With support from the Agency for Healthcare Research and Quality (HS13087), Dr. Tait and his colleagues used a Worker's Compensation database, worker self-report, and telephone interviews to examine differences in the case management of occupational low back injuries among 580 black and 892 white workers in Missouri. The workers had filed Workers' Compensation claims that had been settled over an 18-month period. They could not choose their initial health care provider, which equalized initial access to treatment. The injuries ranged from herniated disc and pinched nerve to fracture and degenerative joint disease.

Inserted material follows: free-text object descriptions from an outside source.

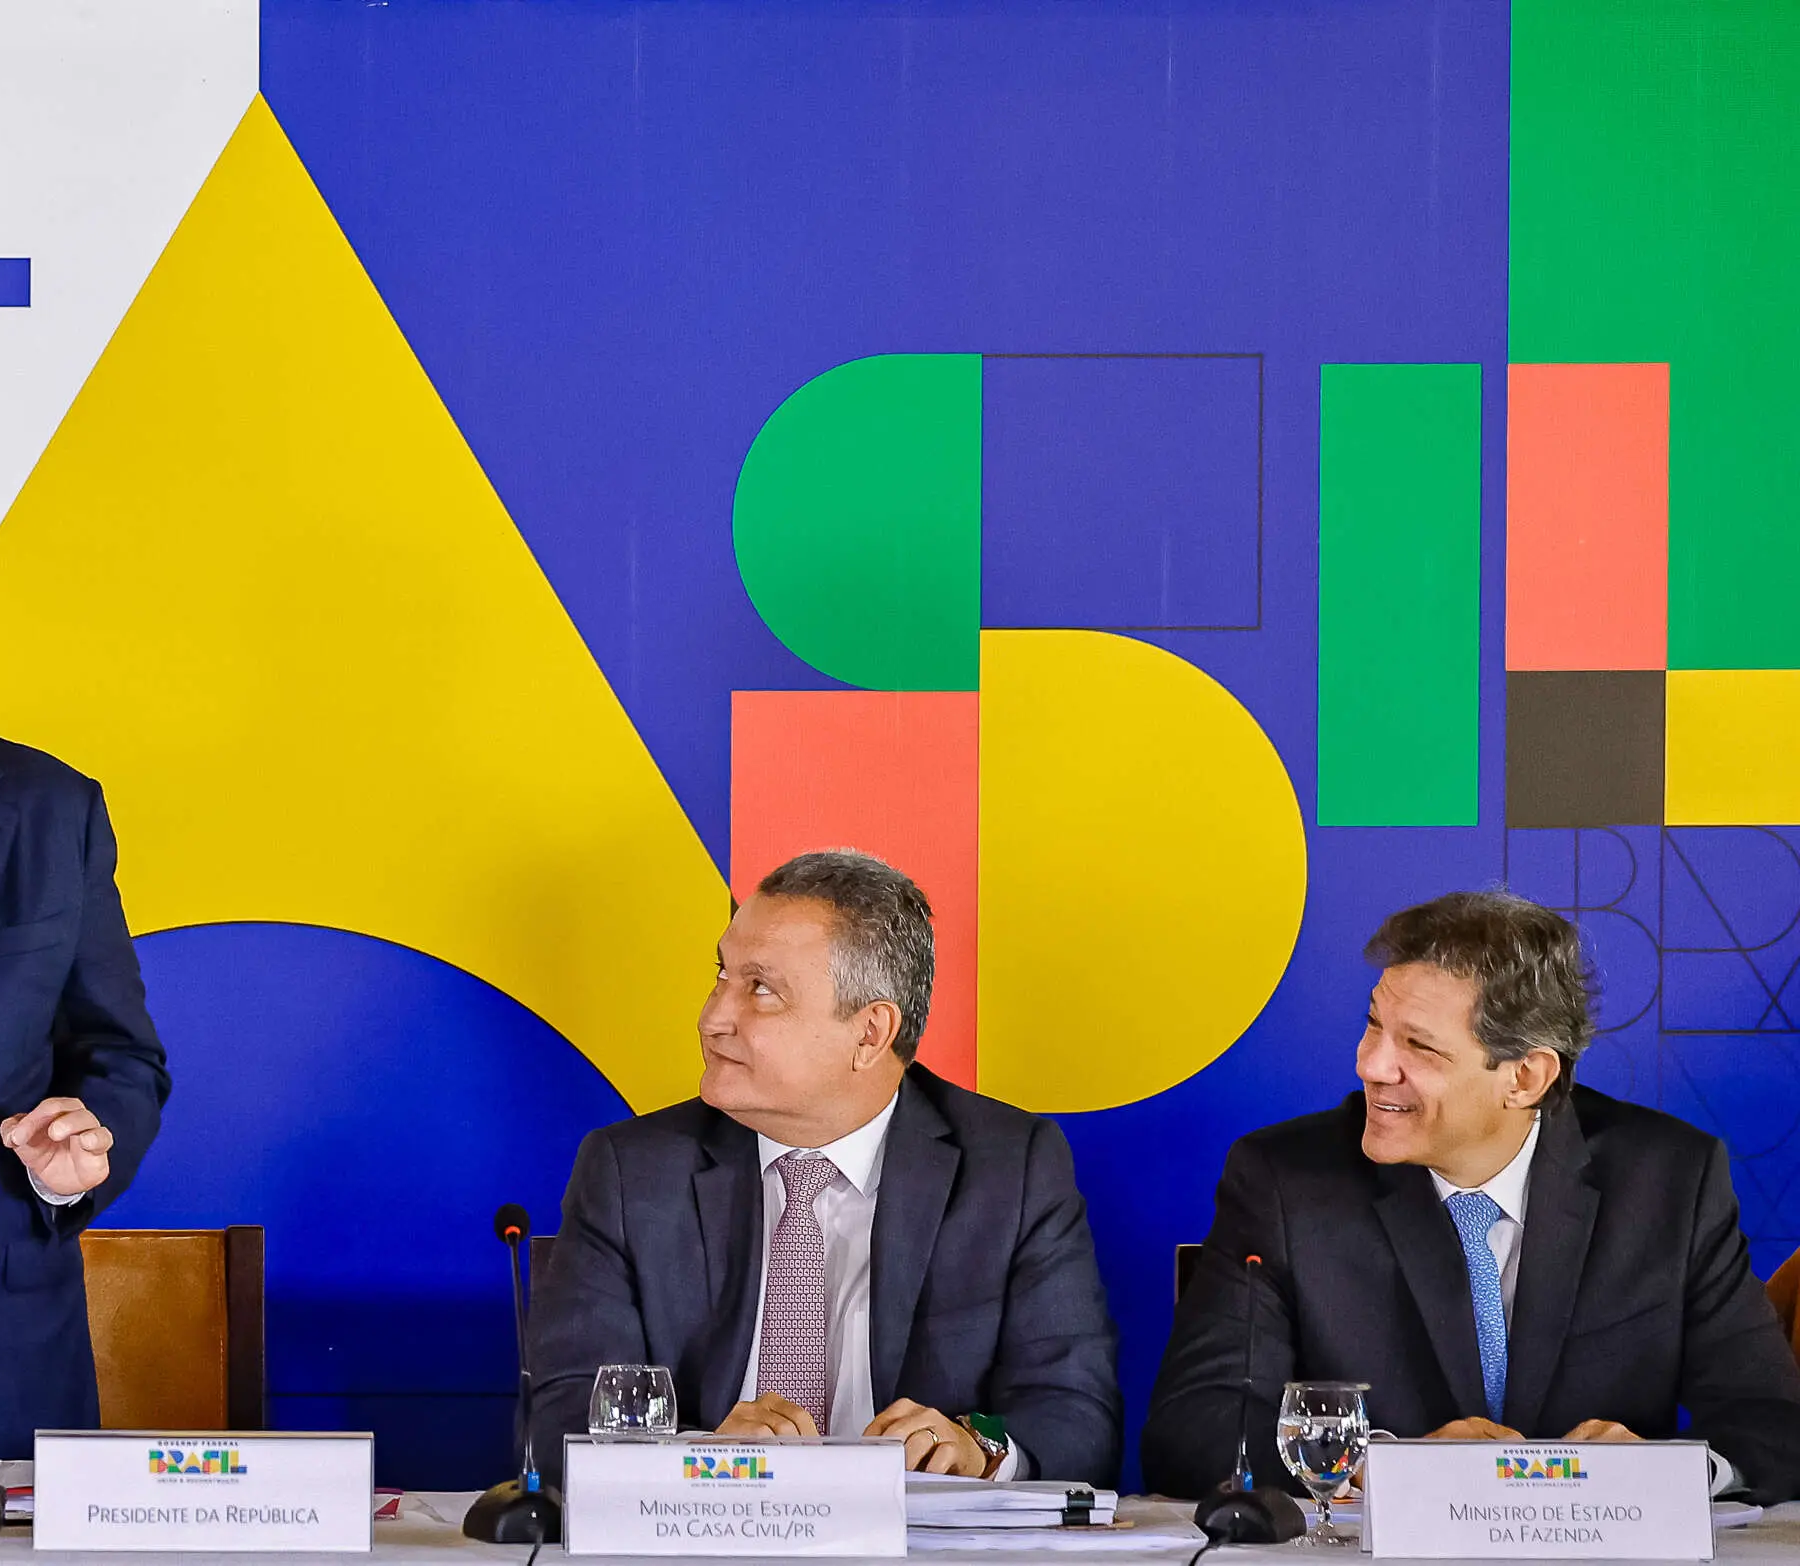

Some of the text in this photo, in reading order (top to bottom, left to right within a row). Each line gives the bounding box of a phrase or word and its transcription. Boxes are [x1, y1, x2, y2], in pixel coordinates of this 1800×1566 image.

[149, 1449, 247, 1474] BRASIL
[683, 1456, 774, 1479] BRASIL
[1496, 1457, 1588, 1479] BRASIL
[88, 1503, 319, 1524] PRESIDENTE DA REPÚBLICA
[640, 1500, 831, 1517] MINISTRO DE ESTADO
[1450, 1503, 1642, 1521] MINISTRO DE ESTADO
[656, 1519, 816, 1540] DA CASA CIVIL/PR
[1489, 1525, 1603, 1543] DA FAZENDA

Type of injury, race, age, and compensation rate significantly predicted whether a claimant did or did not receive temporary disability pay. Consistent with accepted models of disability management, claimants with disc injuries and those who underwent surgery incurred more treatment costs, had more compensated work absences, and demonstrated longer claim periods. They also received higher disability ratings and larger settlement awards. Other findings were not consistent with accepted disability management models. After controlling for injury and other factors, blacks and lower SES claimants incurred lower treatment costs, fewer compensated work absences, shorter claim periods, lower disability ratings, and smaller settlements.
More details are in "Management of occupational back injuries: Differences among African Americans and Caucasians," by Dr. Tait, John T. Chibnall, Ph.D., Elena M. Andresen, Ph.D., and Nortin M. Hadler, M.D., in the December 2004 Pain 112, pp. 389-396.